The keras-tuner library supports many different optimization algorithms. Here, we’ll instantiate our tuner with Bayesian optimization and optimize for validation accuracy:

import kerastuner as kt

tuner = kt.BayesianOptimization(
    build_model,
    objective='val_accuracy',
    max_trials=10
)

The code to run the tuning job looks similar to training our model with fit(). As this runs, we’ll be able to see the values for the three hyperparameters that were selected for each trial. When the job completes, we can see the hyperparameter combination that resulted in the best trial. In Figure 4-23, we can see the example output for a single trial run using keras-tuner.

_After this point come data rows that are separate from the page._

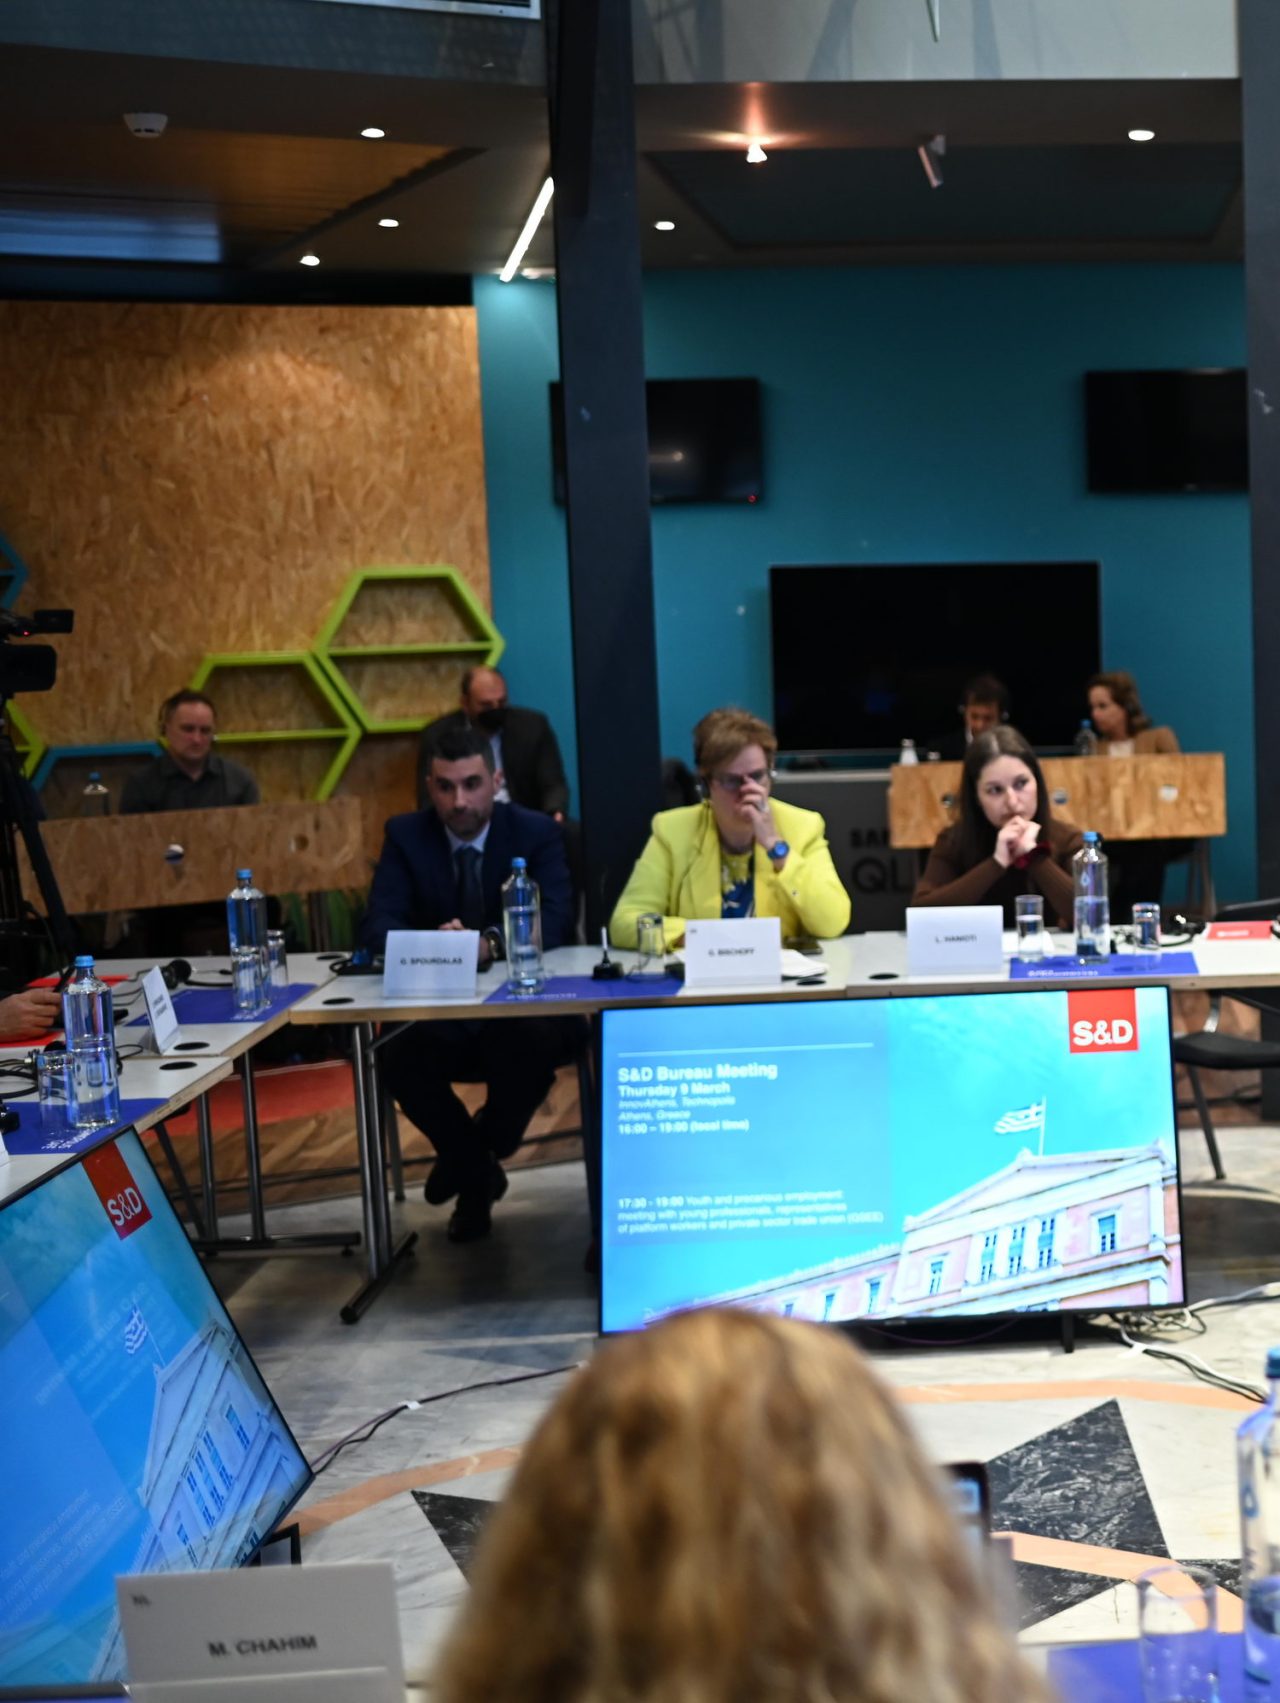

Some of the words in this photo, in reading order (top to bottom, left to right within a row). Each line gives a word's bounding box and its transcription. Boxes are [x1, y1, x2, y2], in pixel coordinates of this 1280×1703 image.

[1072, 1019, 1133, 1046] S&D
[618, 1067, 653, 1083] S&D
[656, 1065, 713, 1081] Bureau
[716, 1062, 778, 1080] Meeting
[618, 1084, 677, 1098] Thursday
[691, 1081, 730, 1095] March
[618, 1123, 648, 1135] 16:00
[107, 1186, 143, 1226] S&D
[207, 1641, 229, 1657] M.
[235, 1634, 318, 1656] CHAHIM
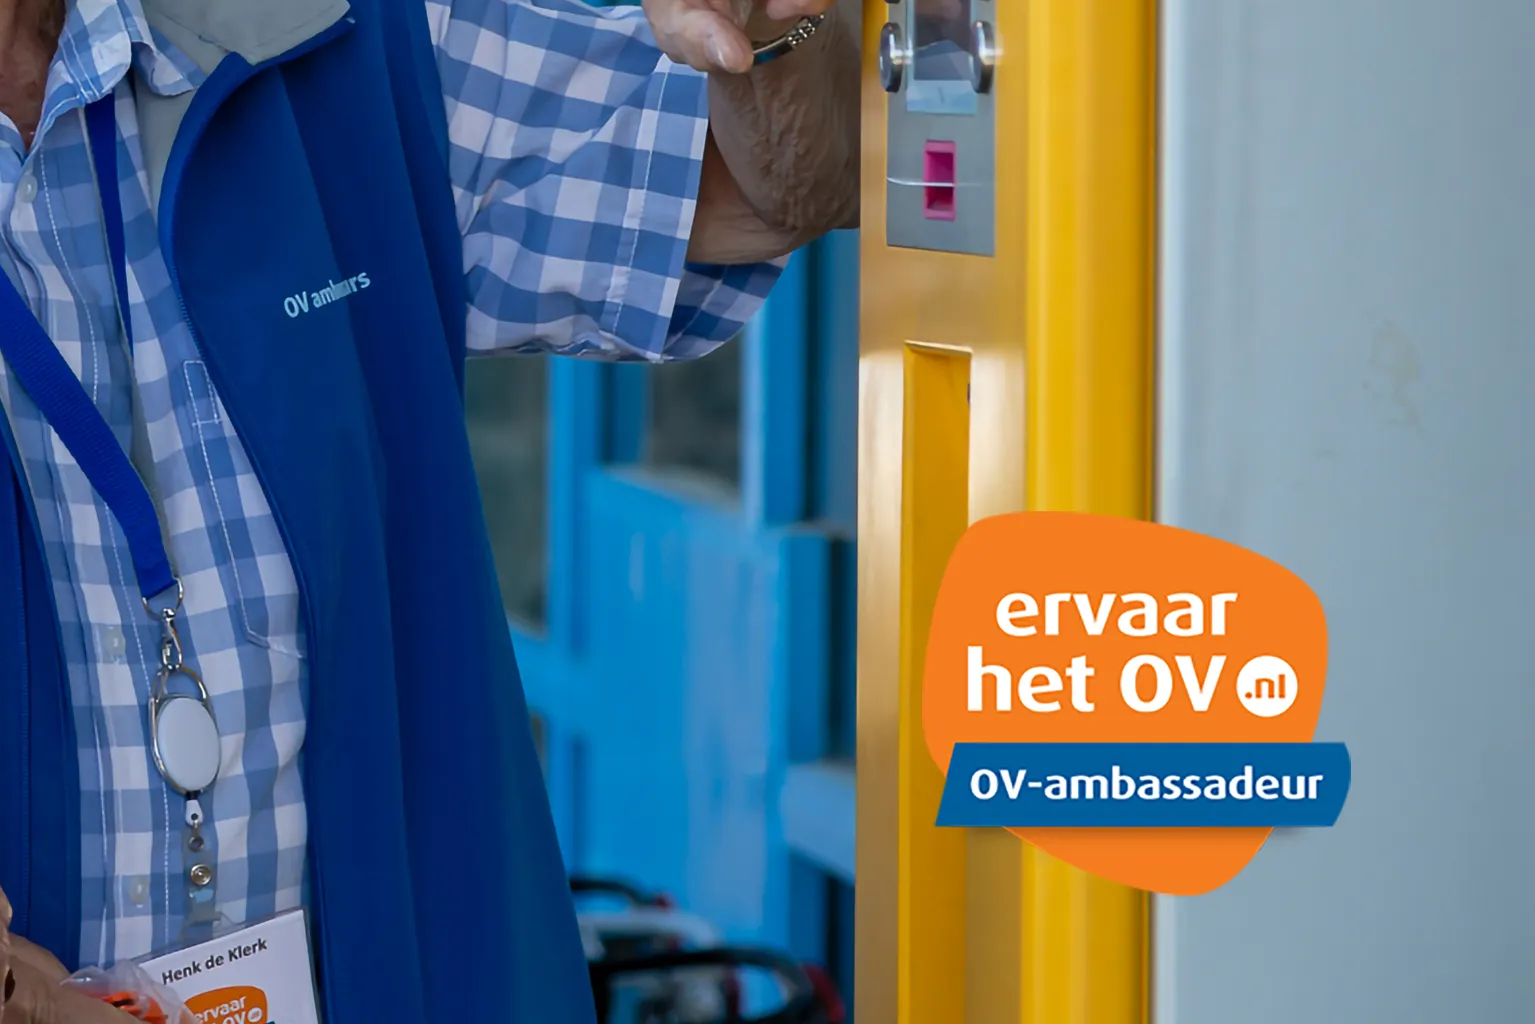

Output for one trial run of hyperparameter tuning with keras-tuner. At the top we can see the hyperparameters selected by the tuner, and in the summary section we see the resulting optimization metric.

In addition to the examples shown here, there is additional functionality provided by keras-tuner that we haven’t covered. You can use it to experiment with different numbers of layers for your model by defining an hp.Int() parameter within a loop, and you can also provide a fixed set of values for a hyperparameter instead of a range. For more complex models, this hp.Choice() parameter could be used to experiment with different types of layers, like BasicLSTMCell and BasicRNNCell. keras-tuner runs in any environment where you can train a Keras model.

Why It Works

Although grid and random search are more efficient than a trial-and-error approach to hyperparameter tuning, they quickly become expensive for models requiring significant training time or having a large hyperparameter search space.

Since both machine learning models themselves and the process of hyperparameter search are optimization problems, it would follow that we would be able to use an approach that learns to find the optimal hyperparameter combination within a given range of possible values just like our models learn from training data.

We can think of hyperparameter tuning as an outer optimization loop (see Figure 4-24) where the inner loop consists of typical model training. Even though we depict neural networks as the model whose parameters are being optimized, this solution is applicable to other types of machine learning models. Also, although the more common use case is to choose a single best model from all potential hyperparameters, in some cases, the hyperparameter framework can be used to generate a family of models that can act as an ensemble (see the discussion of the Ensembles pattern in Chapter 3).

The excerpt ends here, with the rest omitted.